15. The preamble is followed, in Section 2, by a number of definitions, one of which, namely, the definition of "social security pension." is of special importance. Their Lordships would again observe that these definitions precede any division of the Act into parts. The definition referred to is as follows: "2.--(f) Social Security Pension means the payment to individuals, as herein provided, of claims on goods and services within the limitations of the natural resources of the Province and the productive capacity of the people, to ensure an annual income of not less than six hundred dollars a year on the basis of the 1945 price level, for every single citizen of Alberta nineteen years of age and over.
Provided, however, that in the case of married persons, for the purpose of determining the amount of the payment to either spouse, the income of the two spouses shall be considered as if it were their joint income.
16. Then, comes Part I, which consists of twelve sections, the first ten of which are all introduced by the words "it is hereby declared." Sections 3 to 8 appear to be mere declarations of common law rights. The language employed might, perhaps, raise questions as to their precise application -- for example how does Section 7 apply to the case where a mans property is requisitioned or acquired on compensation terms for a public work or railway But it is unnecessary to delay over these sections since nobody can suppose that the purpose of the Alberta legislature in passing this legislation would justify the view that they would intend these sections to stand if the clauses which carried out the main purpose of the Bill had to be regarded as a nullity. There follow in Part I, Sections 9 to 12, which must be set out:
9. It is hereby declared that every citizen of Alberta of not less than nineteen years of age and not more than sixty years of age is entitled as a right of citizenship to
(a) the opportunity to engage in gainful employment;
or
(b) if gainful employment is not available, to a social security pension.
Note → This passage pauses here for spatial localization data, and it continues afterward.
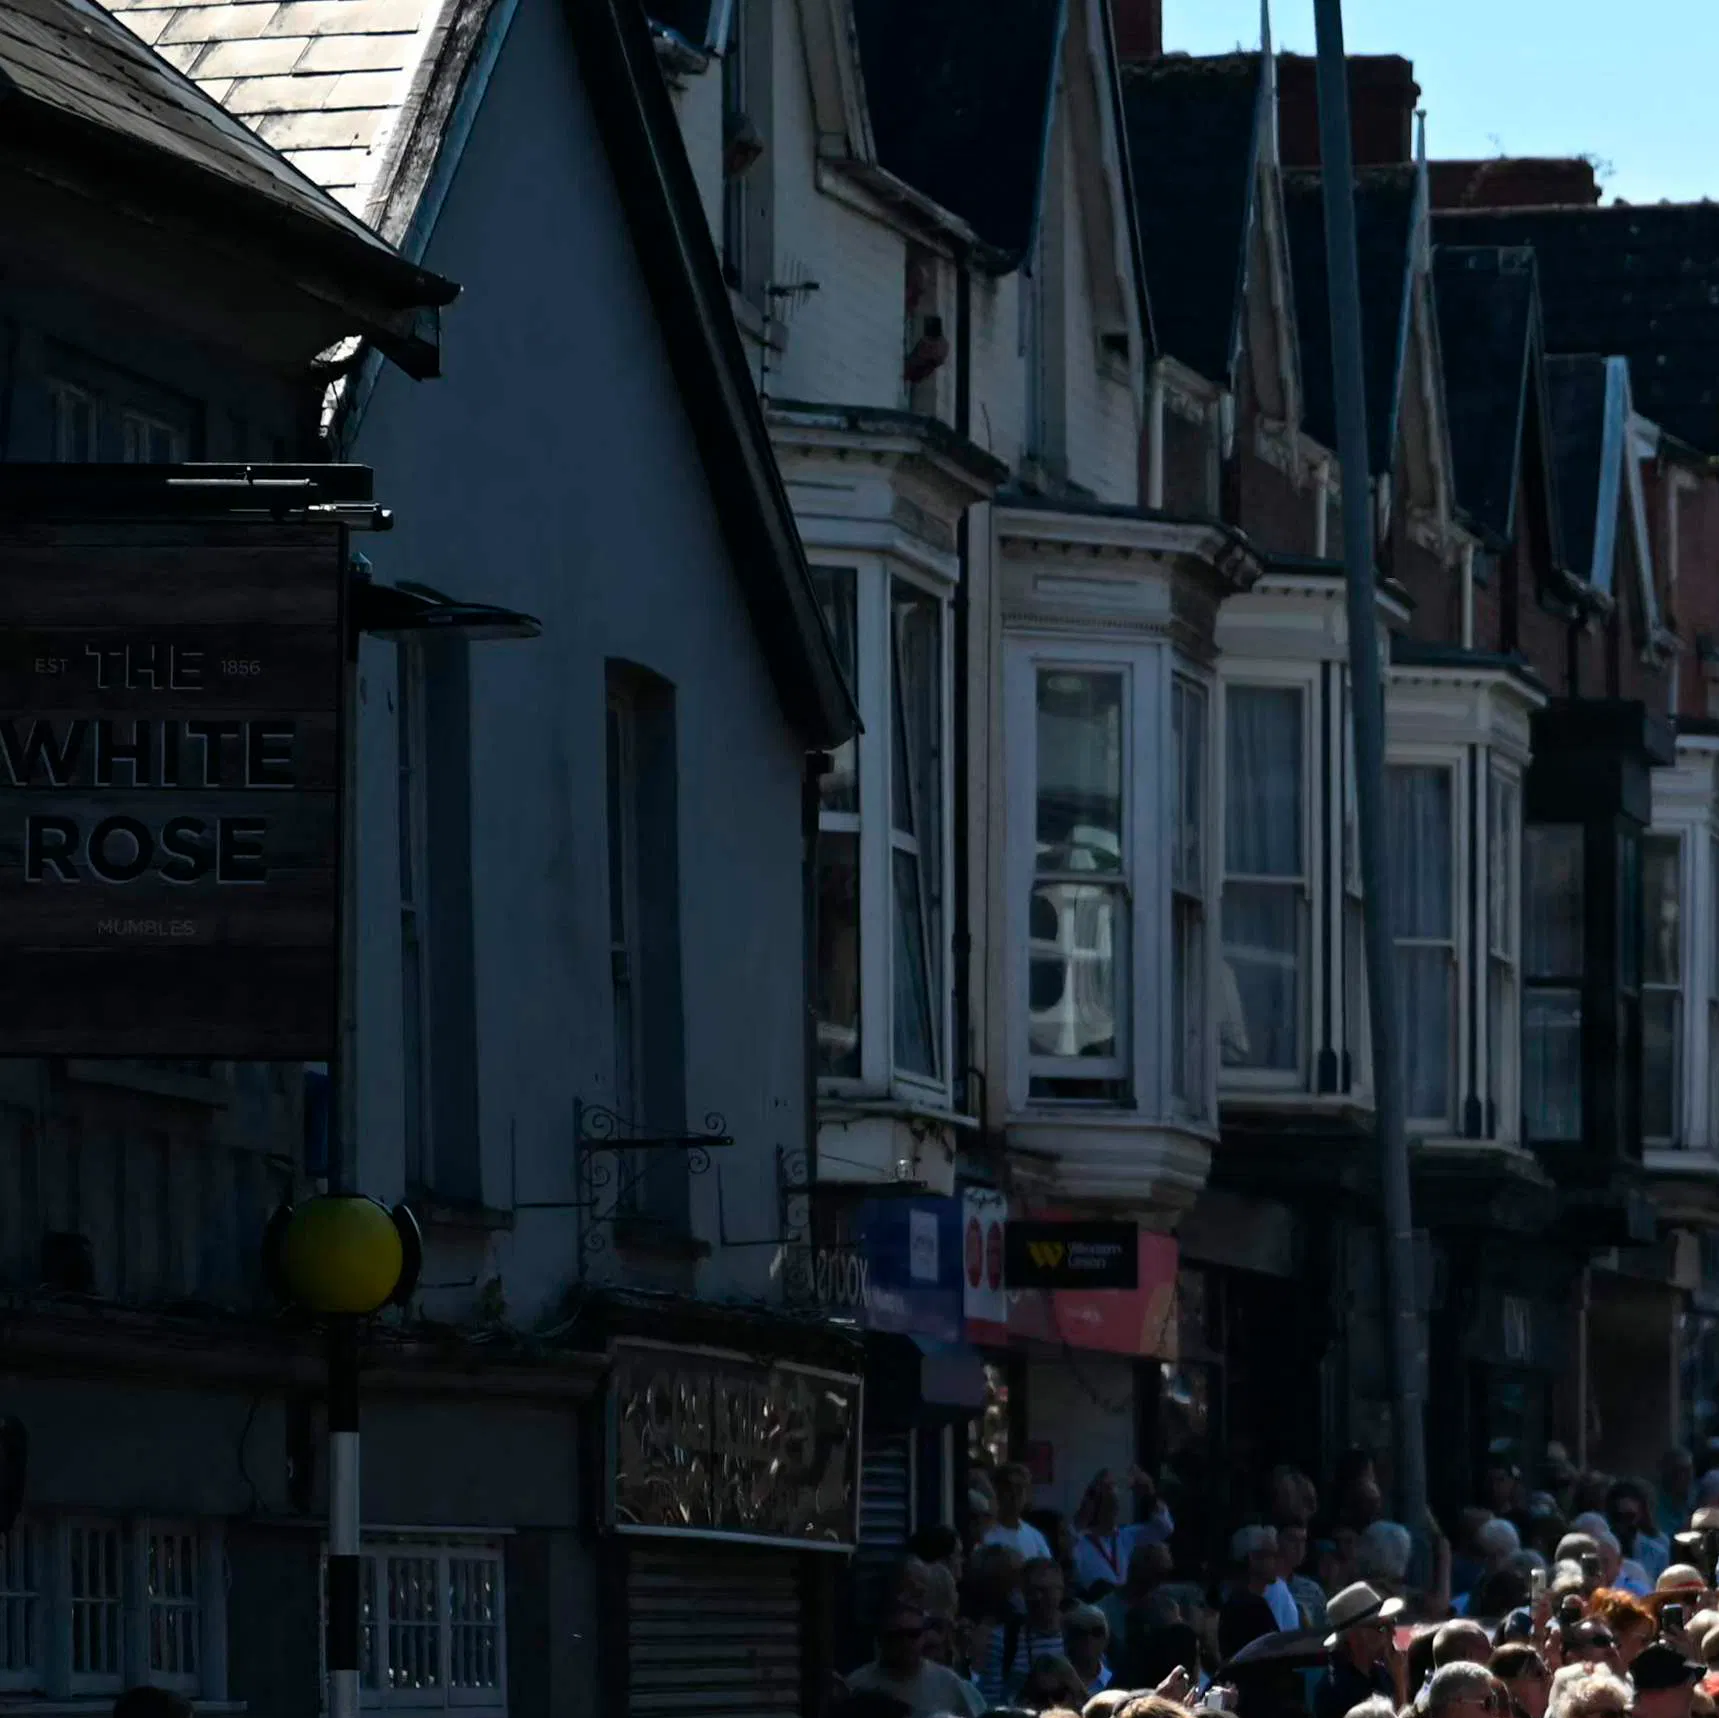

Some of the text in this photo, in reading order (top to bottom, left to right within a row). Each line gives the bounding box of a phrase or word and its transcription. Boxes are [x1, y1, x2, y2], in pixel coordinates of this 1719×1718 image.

[34, 658, 69, 675] EST
[84, 643, 206, 690] THE
[0, 719, 297, 788] WHITE
[25, 816, 268, 885] ROSE
[96, 919, 197, 938] MUMBLES
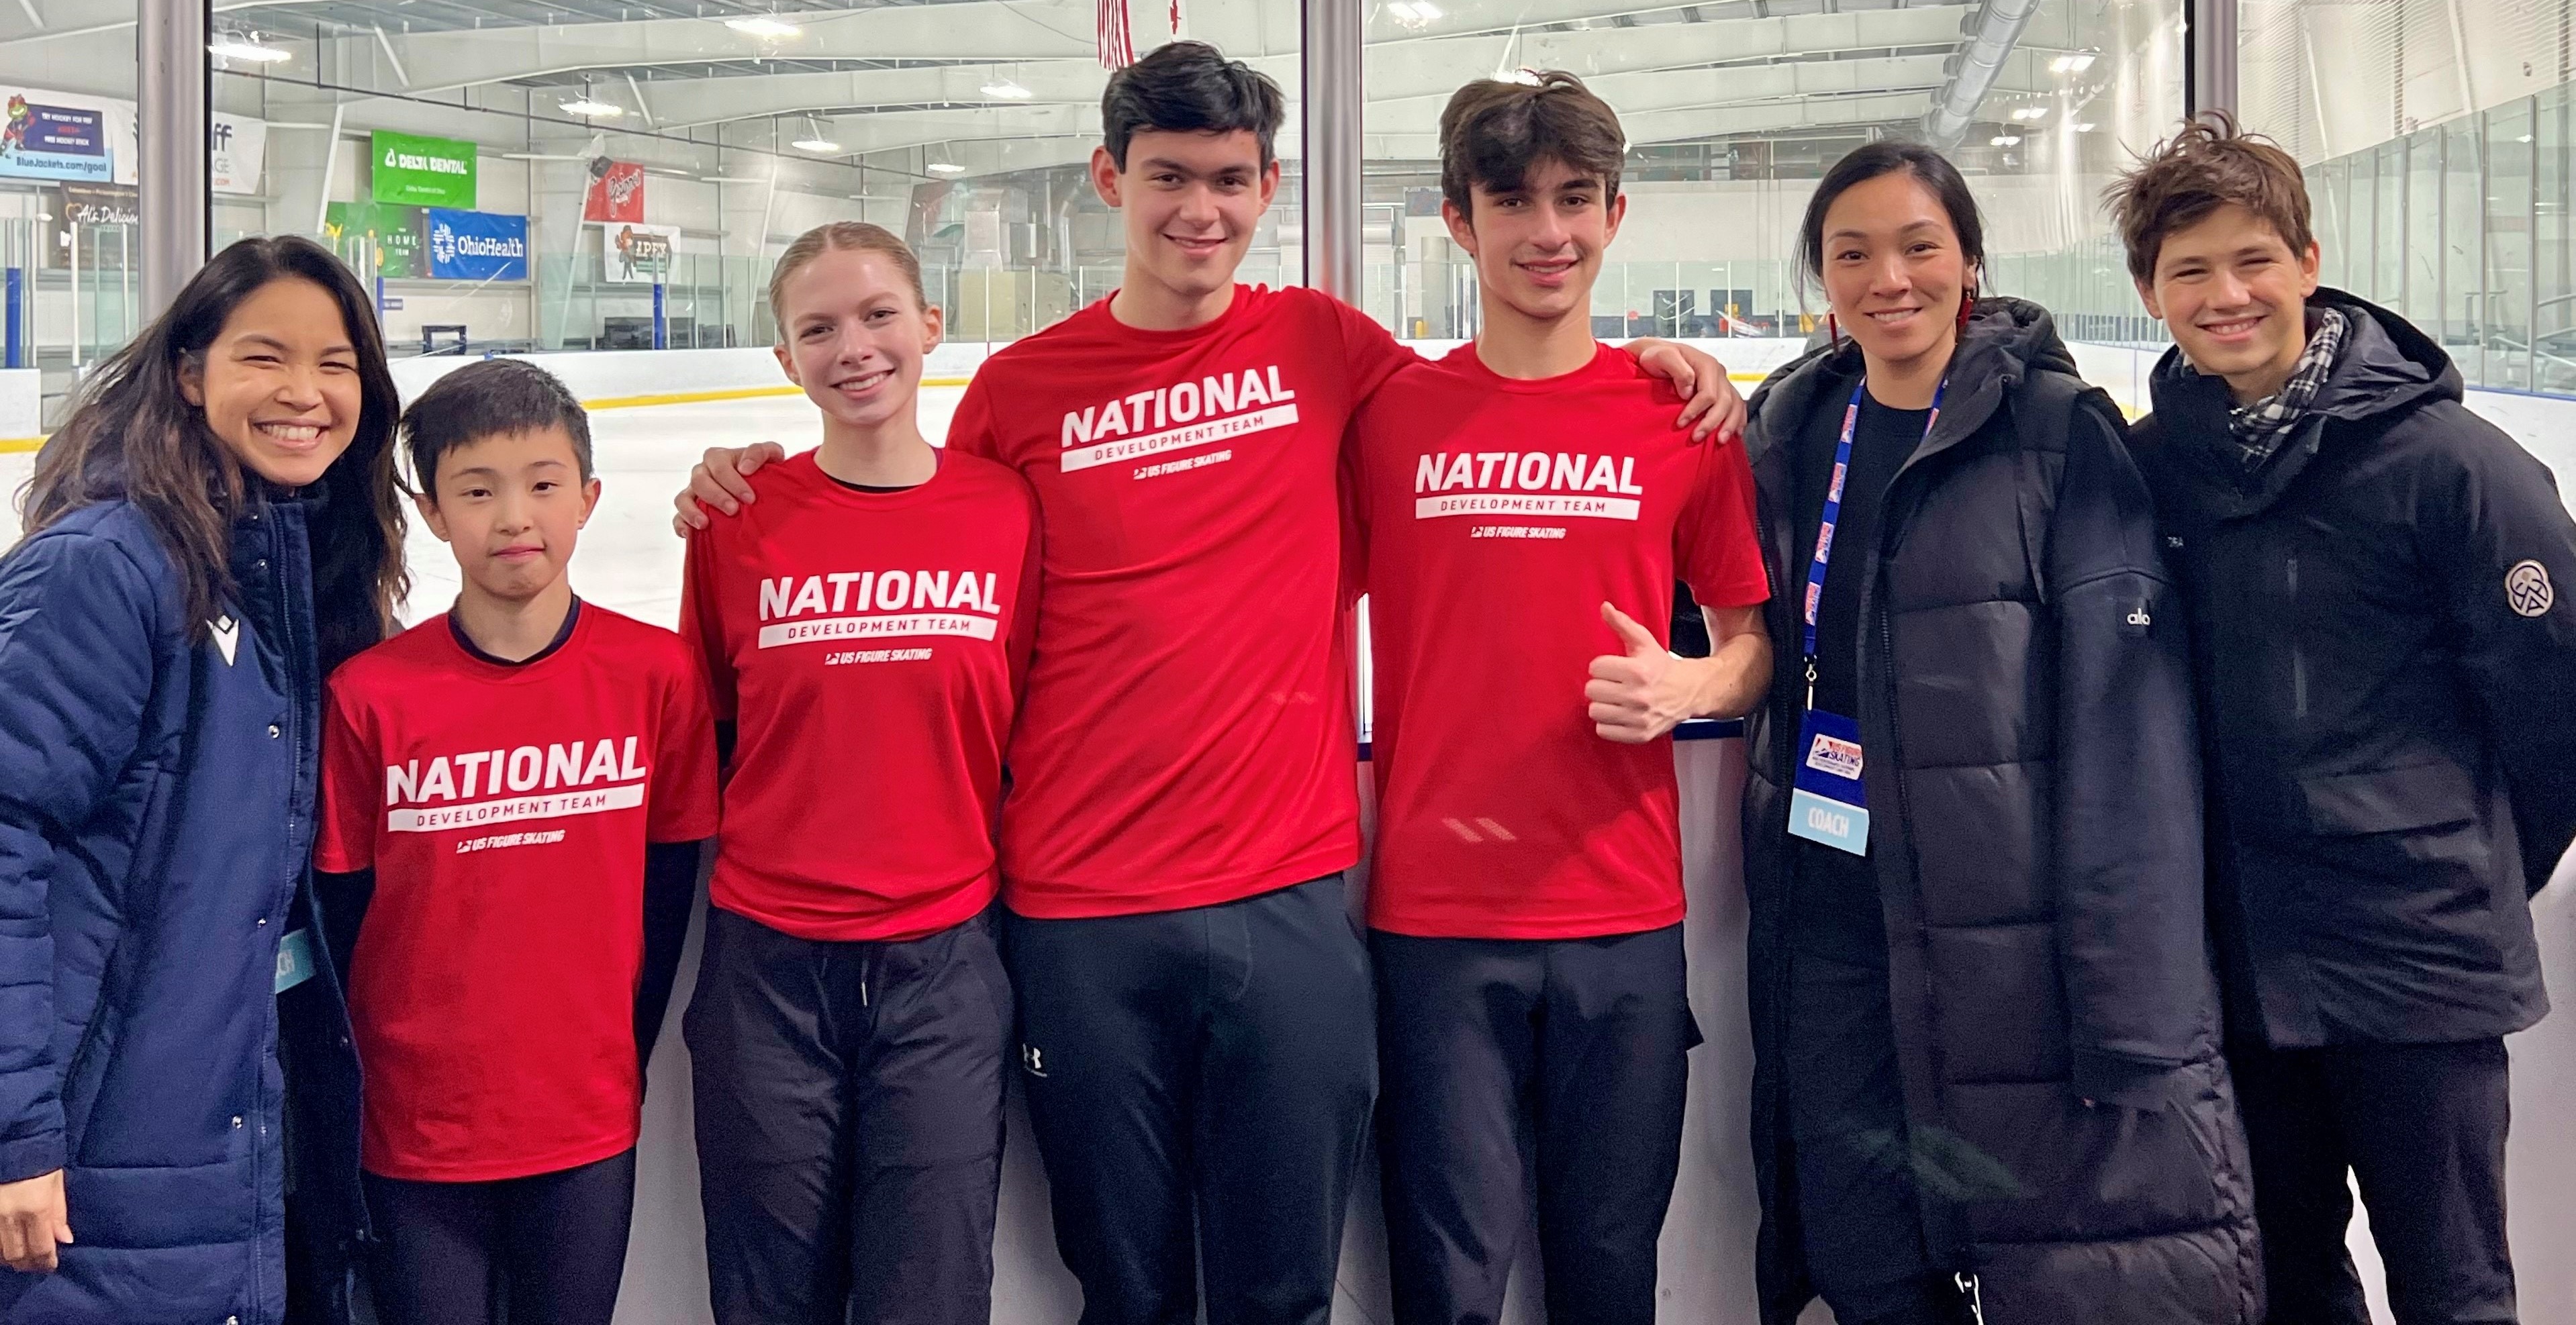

10. It is hereby declared that every citizen of Alberta under nineteen years of age is entitled as a right of citizenship to
(a) the necessities of life adequate to ensure health and physical well-being;
(b) educational benefits;
(c) medical benefits.
11. It is, hereby declared that every citizen of Alberta who has reached the age of sixty years is entitled as a right of citizenship to retire from gainful employment and upon retirement to receive,
(a) a pension of such amount as may from time to time be authorized by an Act of the legislature, provided that such pension shall not be less than the current amount of the social security pension;
(b) medical benefits.
12. It is hereby declared that every citizen of Alberta who becomes physically disabled and unable to engage in gainful employment is entitled to,
(a) a social security pension;
(b) medical benefits.
17. Section 13 provides that in consideration of the foregoing rights of citizenship "it shall be the duty of every citizen of Alberta to discharge faithfully his responsibilities as an elector and citizen" to observe the law, respect the rights of other citizens, and "to exercise his initiative and enterprise "in promoting the spiritual, cultural and material welfare of "the Province." There is nothing in the Act to indicate what is to happen to a citizen who does not do his duty in these respects. Lastly, in Part I, comes Section 14, according to which the Lieutenant-Governor in Council may make orders to define gainful employment, may enter into agreements with any other Province or with the Dominion for the purpose of carrying out the intent and purpose of this Act, and may make rules and regulations governing the determination of any question which may arise under Part I.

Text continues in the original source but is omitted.